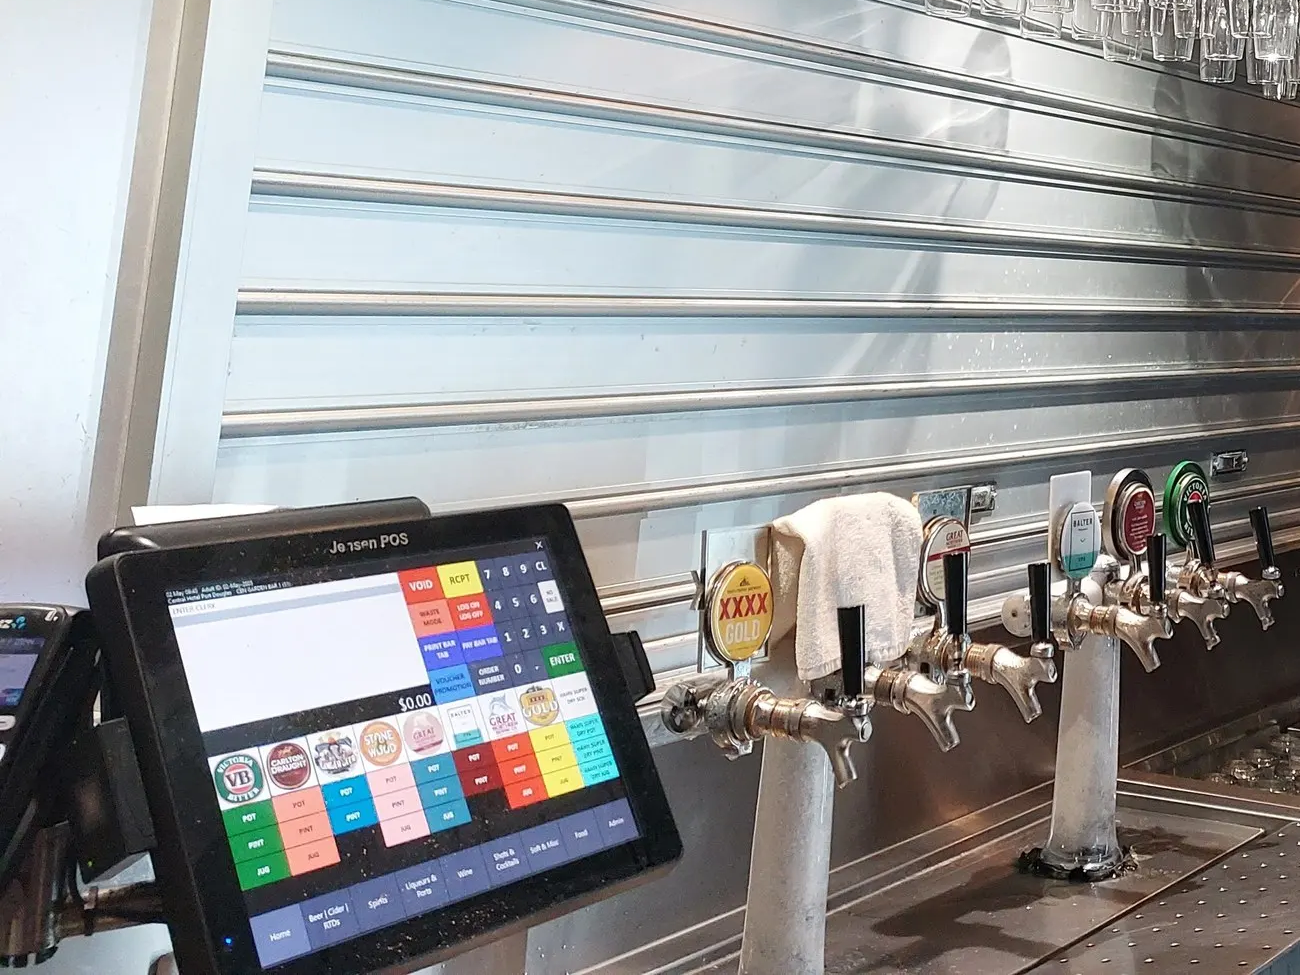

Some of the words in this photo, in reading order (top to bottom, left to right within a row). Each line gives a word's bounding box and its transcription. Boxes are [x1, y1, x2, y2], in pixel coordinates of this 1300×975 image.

[1073, 518, 1093, 527] BALTER
[380, 532, 409, 548] POS
[946, 529, 963, 541] GREAT
[484, 569, 490, 580] 7
[503, 566, 510, 577] 8
[520, 564, 527, 574] 9
[535, 561, 547, 571] CL
[450, 574, 471, 585] RCPT
[408, 579, 433, 592] VOID
[457, 603, 468, 612] LOG
[494, 600, 501, 610] 4
[512, 597, 520, 608] 5
[530, 594, 538, 604] 6
[719, 592, 768, 621] XXXX
[172, 605, 193, 615] ENTER
[419, 608, 440, 618] WASTE
[459, 612, 471, 621] LOG
[472, 610, 484, 619] OFF
[423, 617, 442, 627] MODE
[504, 632, 512, 642] 1
[522, 628, 530, 639] 2
[540, 625, 547, 635] 3
[557, 621, 565, 632] X
[726, 618, 760, 644] GOLD
[423, 643, 443, 653] PRINT
[442, 639, 456, 649] BAR
[462, 642, 474, 651] PAY
[474, 638, 487, 648] BAR
[487, 636, 499, 646] TAB
[437, 650, 450, 659] TAB
[549, 653, 576, 666] ENTER
[478, 666, 499, 676] ORDER
[514, 664, 522, 674] 0
[435, 673, 466, 685] VOUCHER
[478, 674, 505, 686] NUMBER
[435, 682, 472, 697] PROMOTION
[575, 687, 588, 697] SUPER
[398, 692, 432, 712] $0.00
[522, 700, 559, 717] GOLD
[489, 712, 517, 727] GREAT
[364, 729, 394, 744] STONE
[413, 727, 435, 741] GREAT
[507, 743, 519, 752] POT
[591, 740, 606, 749] SUPER
[367, 744, 397, 758] WOOD
[270, 753, 304, 767] CARLTON
[468, 753, 480, 762] POT
[551, 755, 563, 763] PINT
[217, 756, 253, 773] VICTORIA
[271, 760, 307, 775] DRAUGHT
[427, 764, 440, 773] POT
[598, 761, 613, 770] SUPER
[225, 770, 251, 787] VB
[385, 775, 397, 784] POT
[226, 787, 260, 802] BITTER
[339, 787, 353, 797] POT
[434, 787, 448, 797] PINT
[292, 800, 306, 809] POT
[392, 800, 405, 808] PINT
[241, 812, 257, 823] POT
[345, 811, 361, 822] PINT
[608, 817, 624, 828] Admin
[299, 825, 313, 834] PINT
[401, 824, 411, 833] JUG
[574, 829, 589, 839] Food
[248, 838, 265, 849] PINT
[493, 850, 509, 861] Shots
[529, 845, 541, 855] Soft
[307, 852, 320, 861] JUG
[496, 858, 520, 871] Cocktails
[257, 865, 271, 876] JUG
[457, 868, 473, 879] Wine
[405, 876, 431, 891] Liqueurs
[430, 873, 438, 882] &
[416, 888, 432, 898] Ports
[368, 896, 388, 910] Spirits
[308, 912, 324, 923] Beer
[327, 905, 345, 917] Cider
[323, 918, 341, 930] RTDs
[269, 929, 291, 942] Home
= = = =
▶ DIRECTIONS FOR THIS TASK
The lines to copy are those above that contain "PINT".

▶ TASK ANSWER
[551, 755, 563, 763] PINT
[434, 787, 448, 797] PINT
[392, 800, 405, 808] PINT
[345, 811, 361, 822] PINT
[299, 825, 313, 834] PINT
[248, 838, 265, 849] PINT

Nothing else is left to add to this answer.